#### [INSTRUCTIONS TO FOLLOW]
Repeat only what appears from the line containing "this 1250×1250 image." through the last line of the listing below, exactly as written.

= = = =

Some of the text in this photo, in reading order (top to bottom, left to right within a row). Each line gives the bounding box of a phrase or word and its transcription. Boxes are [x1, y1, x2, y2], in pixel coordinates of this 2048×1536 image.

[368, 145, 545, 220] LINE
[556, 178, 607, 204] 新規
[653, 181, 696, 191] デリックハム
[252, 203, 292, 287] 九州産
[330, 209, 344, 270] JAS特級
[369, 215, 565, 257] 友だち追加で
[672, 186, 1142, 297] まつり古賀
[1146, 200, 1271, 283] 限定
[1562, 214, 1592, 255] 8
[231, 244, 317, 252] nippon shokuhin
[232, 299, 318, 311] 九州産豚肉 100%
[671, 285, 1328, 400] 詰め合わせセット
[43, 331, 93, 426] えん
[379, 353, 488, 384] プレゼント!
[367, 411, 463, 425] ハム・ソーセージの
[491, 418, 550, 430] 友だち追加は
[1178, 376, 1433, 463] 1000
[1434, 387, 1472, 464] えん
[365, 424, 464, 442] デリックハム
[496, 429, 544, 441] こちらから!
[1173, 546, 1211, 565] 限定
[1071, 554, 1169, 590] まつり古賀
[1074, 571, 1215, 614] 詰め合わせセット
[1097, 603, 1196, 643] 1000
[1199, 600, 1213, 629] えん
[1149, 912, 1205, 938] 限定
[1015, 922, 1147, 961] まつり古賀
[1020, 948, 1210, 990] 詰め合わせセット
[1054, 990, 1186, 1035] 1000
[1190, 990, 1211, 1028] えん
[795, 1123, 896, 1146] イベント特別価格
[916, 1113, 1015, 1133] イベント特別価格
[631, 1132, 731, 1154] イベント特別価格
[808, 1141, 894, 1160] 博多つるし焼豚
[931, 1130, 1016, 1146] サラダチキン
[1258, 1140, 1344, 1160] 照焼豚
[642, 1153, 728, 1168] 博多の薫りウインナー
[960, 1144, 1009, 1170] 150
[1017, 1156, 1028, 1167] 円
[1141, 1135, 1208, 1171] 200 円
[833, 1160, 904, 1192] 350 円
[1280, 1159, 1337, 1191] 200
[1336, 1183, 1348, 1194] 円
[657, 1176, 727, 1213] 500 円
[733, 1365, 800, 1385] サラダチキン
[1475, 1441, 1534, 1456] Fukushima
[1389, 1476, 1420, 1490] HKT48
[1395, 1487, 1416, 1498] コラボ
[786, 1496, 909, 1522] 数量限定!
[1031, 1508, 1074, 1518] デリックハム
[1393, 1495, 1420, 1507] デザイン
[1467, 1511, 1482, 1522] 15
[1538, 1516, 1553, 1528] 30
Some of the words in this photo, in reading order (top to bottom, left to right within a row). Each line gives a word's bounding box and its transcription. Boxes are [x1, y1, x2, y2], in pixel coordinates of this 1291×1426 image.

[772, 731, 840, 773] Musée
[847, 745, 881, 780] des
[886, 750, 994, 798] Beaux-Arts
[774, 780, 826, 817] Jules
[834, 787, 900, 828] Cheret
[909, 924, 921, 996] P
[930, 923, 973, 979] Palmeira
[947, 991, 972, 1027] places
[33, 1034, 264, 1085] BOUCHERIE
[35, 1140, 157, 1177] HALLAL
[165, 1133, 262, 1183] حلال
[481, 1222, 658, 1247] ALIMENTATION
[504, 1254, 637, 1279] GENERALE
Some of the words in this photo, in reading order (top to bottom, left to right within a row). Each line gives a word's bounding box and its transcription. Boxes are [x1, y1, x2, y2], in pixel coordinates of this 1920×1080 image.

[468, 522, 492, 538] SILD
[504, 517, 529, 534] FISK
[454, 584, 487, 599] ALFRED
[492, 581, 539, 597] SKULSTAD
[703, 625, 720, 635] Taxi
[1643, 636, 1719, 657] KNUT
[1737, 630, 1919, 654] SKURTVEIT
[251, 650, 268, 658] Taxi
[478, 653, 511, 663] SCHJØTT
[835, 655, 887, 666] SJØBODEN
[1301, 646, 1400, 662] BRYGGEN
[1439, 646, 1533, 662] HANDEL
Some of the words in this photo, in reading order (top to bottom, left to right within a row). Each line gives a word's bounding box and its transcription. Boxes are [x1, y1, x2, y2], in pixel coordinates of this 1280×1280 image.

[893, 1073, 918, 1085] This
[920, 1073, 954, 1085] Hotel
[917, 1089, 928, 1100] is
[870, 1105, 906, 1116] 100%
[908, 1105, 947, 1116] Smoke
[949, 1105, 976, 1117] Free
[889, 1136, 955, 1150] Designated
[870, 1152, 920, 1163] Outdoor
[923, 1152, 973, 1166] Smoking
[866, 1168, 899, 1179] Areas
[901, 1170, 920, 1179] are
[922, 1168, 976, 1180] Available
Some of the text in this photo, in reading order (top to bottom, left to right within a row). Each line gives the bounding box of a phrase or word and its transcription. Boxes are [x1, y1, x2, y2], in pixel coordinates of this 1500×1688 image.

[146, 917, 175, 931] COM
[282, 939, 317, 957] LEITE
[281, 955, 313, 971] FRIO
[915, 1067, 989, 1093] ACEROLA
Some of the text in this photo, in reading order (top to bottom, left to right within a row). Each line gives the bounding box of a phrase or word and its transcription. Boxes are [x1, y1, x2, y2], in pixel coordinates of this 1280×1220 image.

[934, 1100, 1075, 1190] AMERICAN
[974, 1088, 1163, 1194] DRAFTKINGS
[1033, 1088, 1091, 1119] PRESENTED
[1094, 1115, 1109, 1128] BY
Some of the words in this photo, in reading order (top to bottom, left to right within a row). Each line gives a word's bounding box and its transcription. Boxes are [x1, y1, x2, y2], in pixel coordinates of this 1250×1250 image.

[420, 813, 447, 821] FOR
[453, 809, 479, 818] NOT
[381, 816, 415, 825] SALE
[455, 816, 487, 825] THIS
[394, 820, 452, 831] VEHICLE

= = = =

#### [SOLVED PROBLEM]
Some of the words in this photo, in reading order (top to bottom, left to right within a row). Each line gives a word's bounding box and its transcription. Boxes are [x1, y1, x2, y2], in pixel coordinates of this 1250×1250 image.

[420, 813, 447, 821] FOR
[453, 809, 479, 818] NOT
[381, 816, 415, 825] SALE
[455, 816, 487, 825] THIS
[394, 820, 452, 831] VEHICLE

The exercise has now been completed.